» Materials provided:
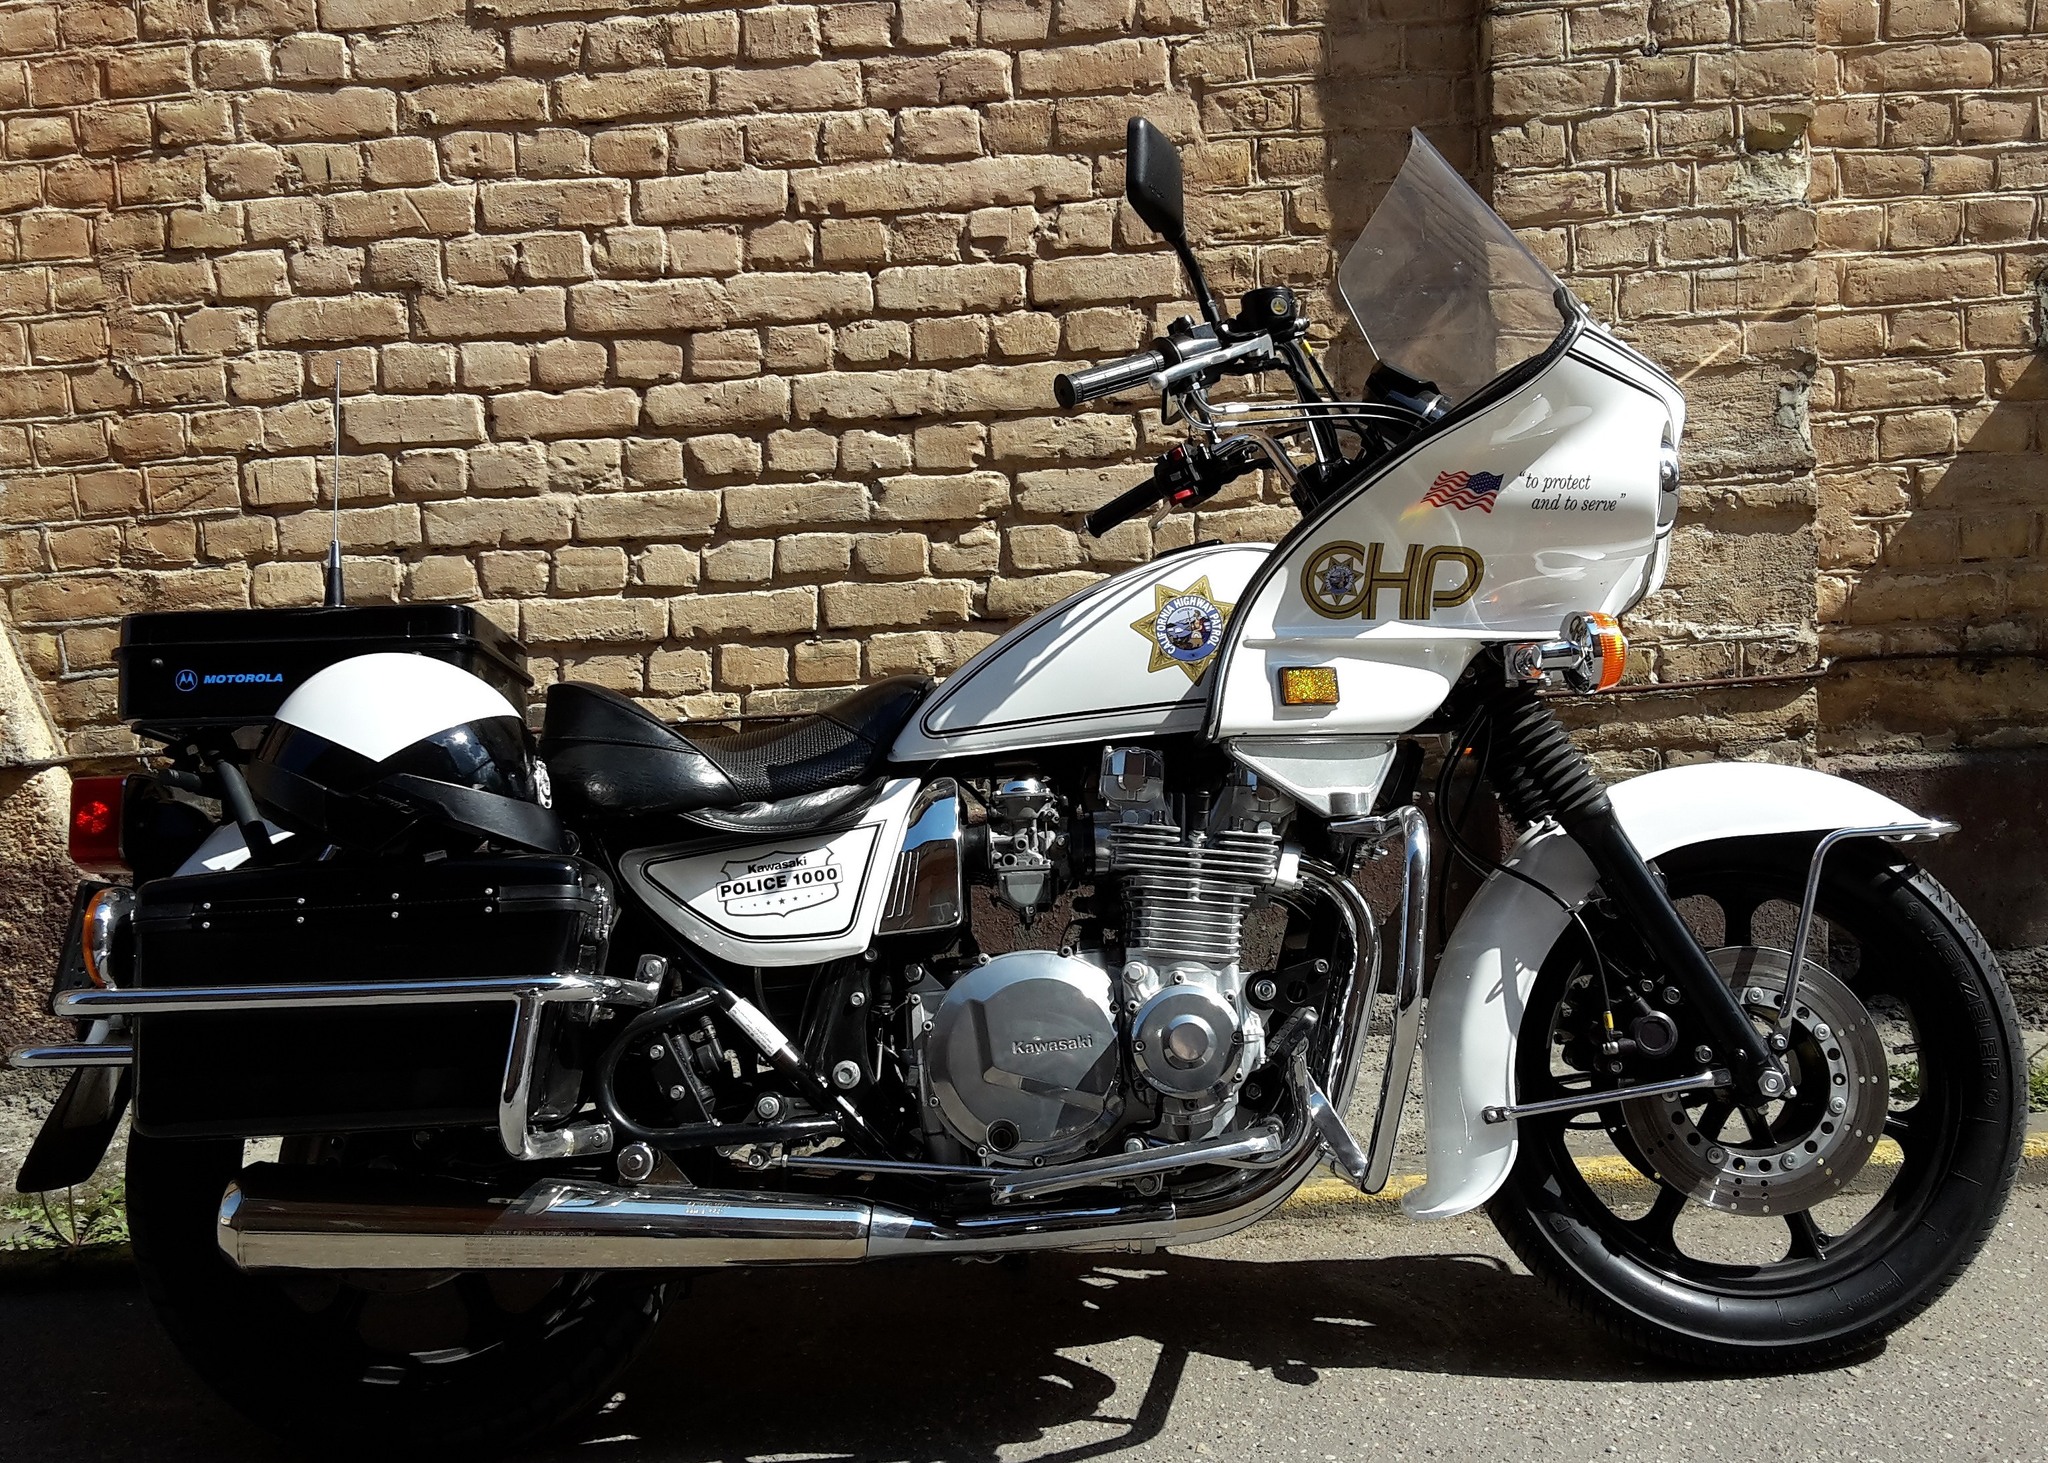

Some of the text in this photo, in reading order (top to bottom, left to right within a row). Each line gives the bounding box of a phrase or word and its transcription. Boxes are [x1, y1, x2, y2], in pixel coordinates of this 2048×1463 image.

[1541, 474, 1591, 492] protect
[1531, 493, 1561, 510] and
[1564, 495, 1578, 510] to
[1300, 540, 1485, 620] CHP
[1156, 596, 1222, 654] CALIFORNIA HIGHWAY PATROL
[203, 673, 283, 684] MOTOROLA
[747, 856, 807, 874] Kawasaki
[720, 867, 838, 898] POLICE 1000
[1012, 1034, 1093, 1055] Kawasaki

» Instructions to follow:
Set down all the data again exactly as above, pictures excluded.

» Response to the exercise:
Some of the text in this photo, in reading order (top to bottom, left to right within a row). Each line gives the bounding box of a phrase or word and its transcription. Boxes are [x1, y1, x2, y2], in pixel coordinates of this 2048×1463 image.

[1541, 474, 1591, 492] protect
[1531, 493, 1561, 510] and
[1564, 495, 1578, 510] to
[1300, 540, 1485, 620] CHP
[1156, 596, 1222, 654] CALIFORNIA HIGHWAY PATROL
[203, 673, 283, 684] MOTOROLA
[747, 856, 807, 874] Kawasaki
[720, 867, 838, 898] POLICE 1000
[1012, 1034, 1093, 1055] Kawasaki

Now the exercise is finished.